T-705 (favipiravir; 6-fluoro-3-hydroxy-2-pyrazinecarboxamide) is a pyrazine derivative with broad antiviral activity against RNA viruses, including influenza viruses (6, 16, 24, 25), flaviviruses (13, 19), bunyaviruses, and several nonpathogenic arenaviruses (10-12). Moreover, studies employing the hamster Pichinde virus (PICV) infection model of acute arenaviral disease have demonstrated that T-705 can be used effectively to treat advanced infections in animals (10). However, T-705 has not yet been tested against highly pathogenic human arenaviruses.

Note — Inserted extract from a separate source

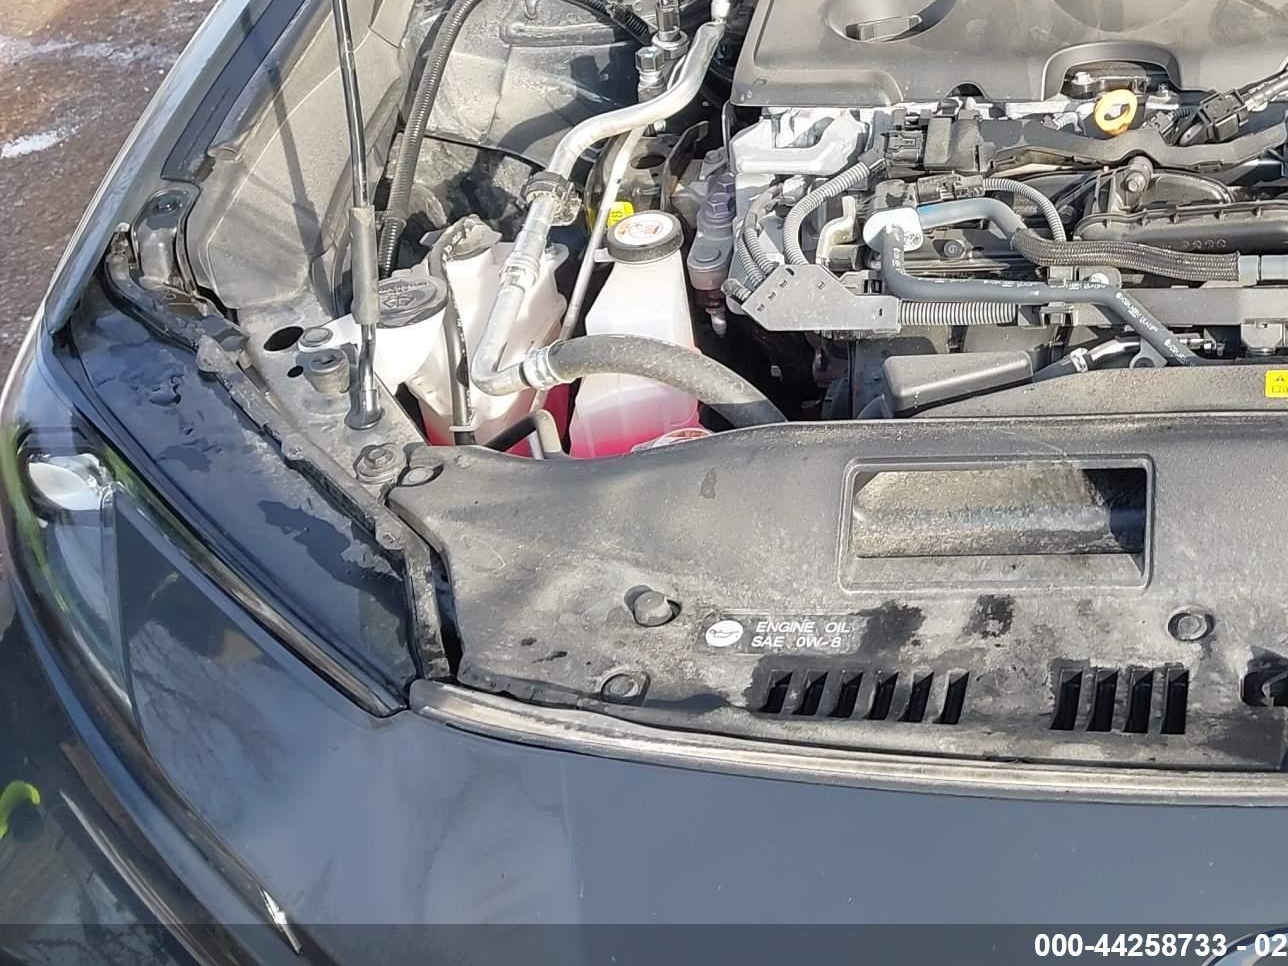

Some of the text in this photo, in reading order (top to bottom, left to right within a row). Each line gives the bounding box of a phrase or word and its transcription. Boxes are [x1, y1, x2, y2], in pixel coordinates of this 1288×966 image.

[755, 621, 852, 634] ENGINE OIL
[751, 635, 842, 648] SAE 0W-8
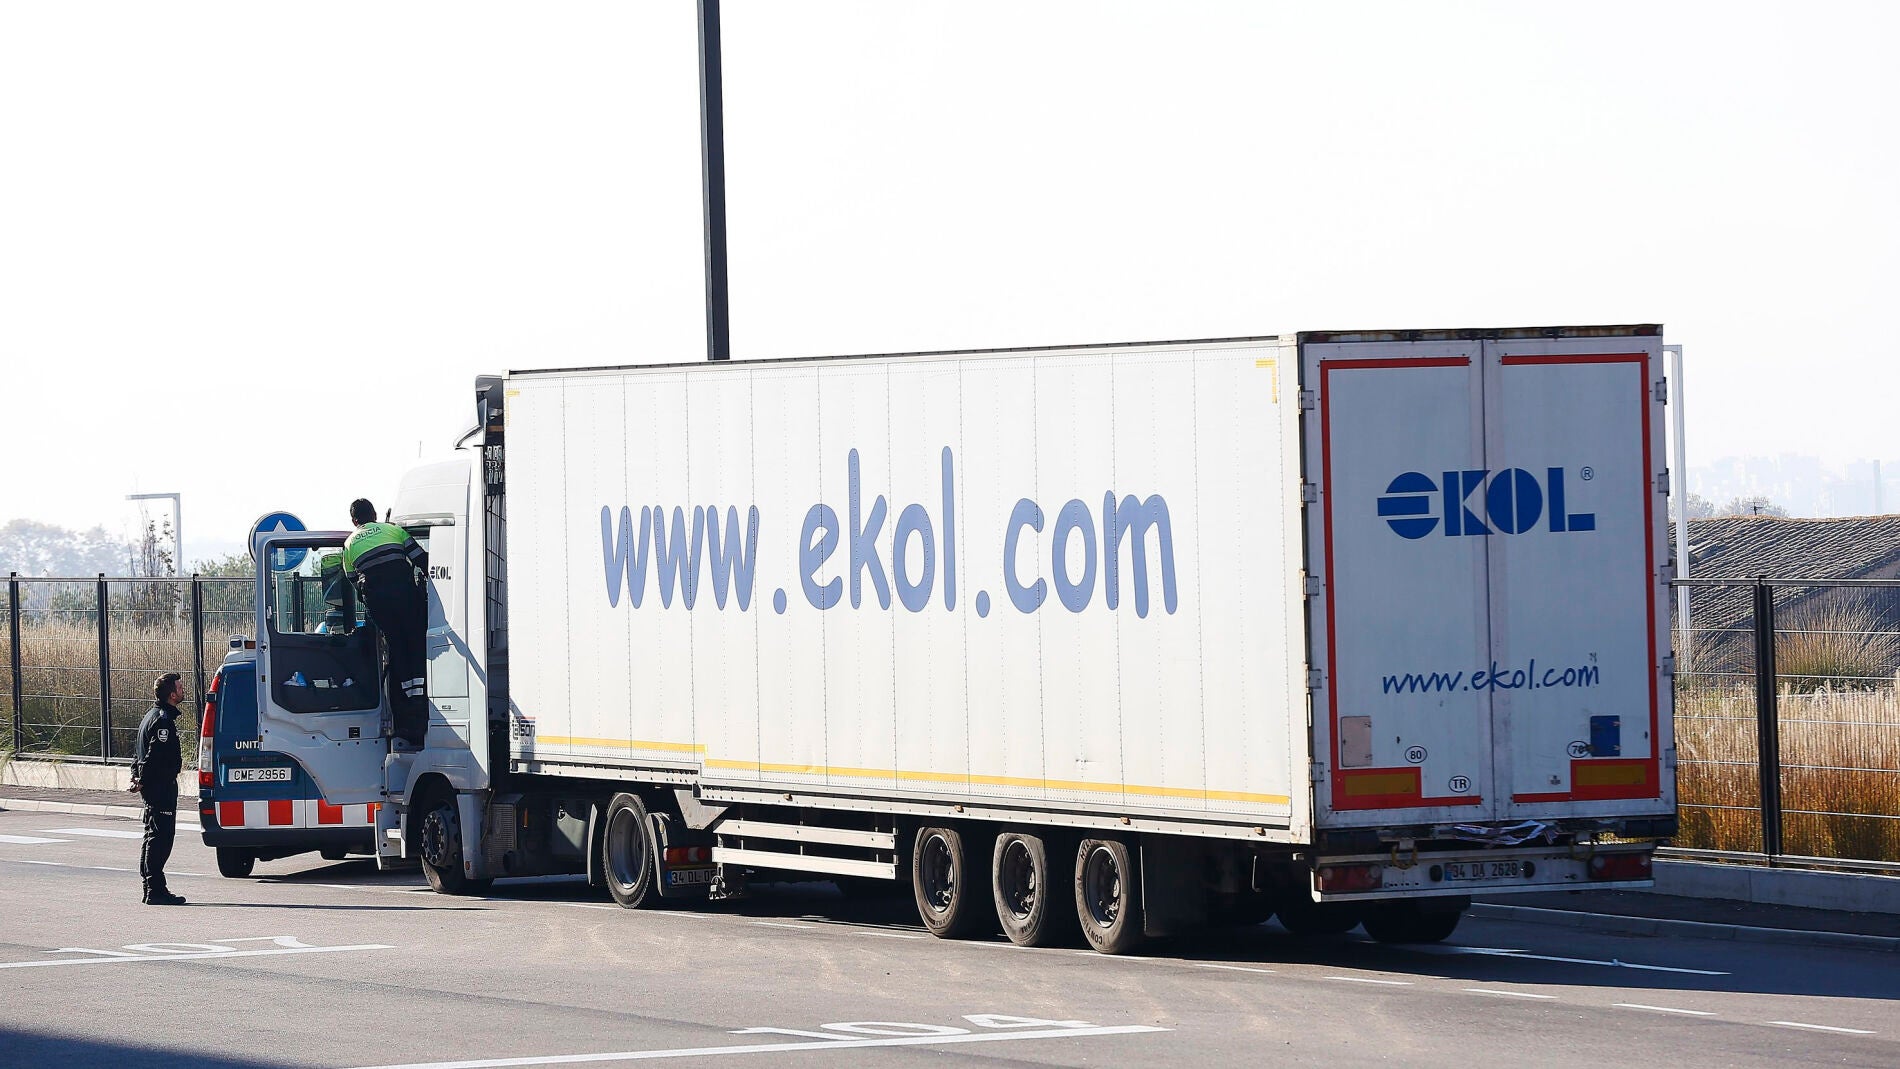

Evidence indicates that T-705 is ribosylated and phosphorylated to the active T-705-4-ribofuranosyl-5′-triphosphate form (T-705RTP) that inhibits influenza virus infection by interfering with viral RNA replication and transcription through inhibition of the virus RNA-dependent RNA polymerase (RdRp) (7). The broad activity of T-705 against a number of RNA viruses suggests that this inhibitor may target a conserved functional element in the viral polymerase. The ability of T-705 to specifically target the viral replication machinery may minimize the possibility of in vivotoxicity. In contrast, ribavirin also inhibits cellular IMP dehydrogenase (IMPDH), a key enzyme in guanosine biosynthesis, and thereby perturbs cellular nucleotide pools. In the present study, we explored the mechanism of action of T-705 in cell culture and assessed the in vitro activity of T-705 against three highly pathogenic arenaviruses.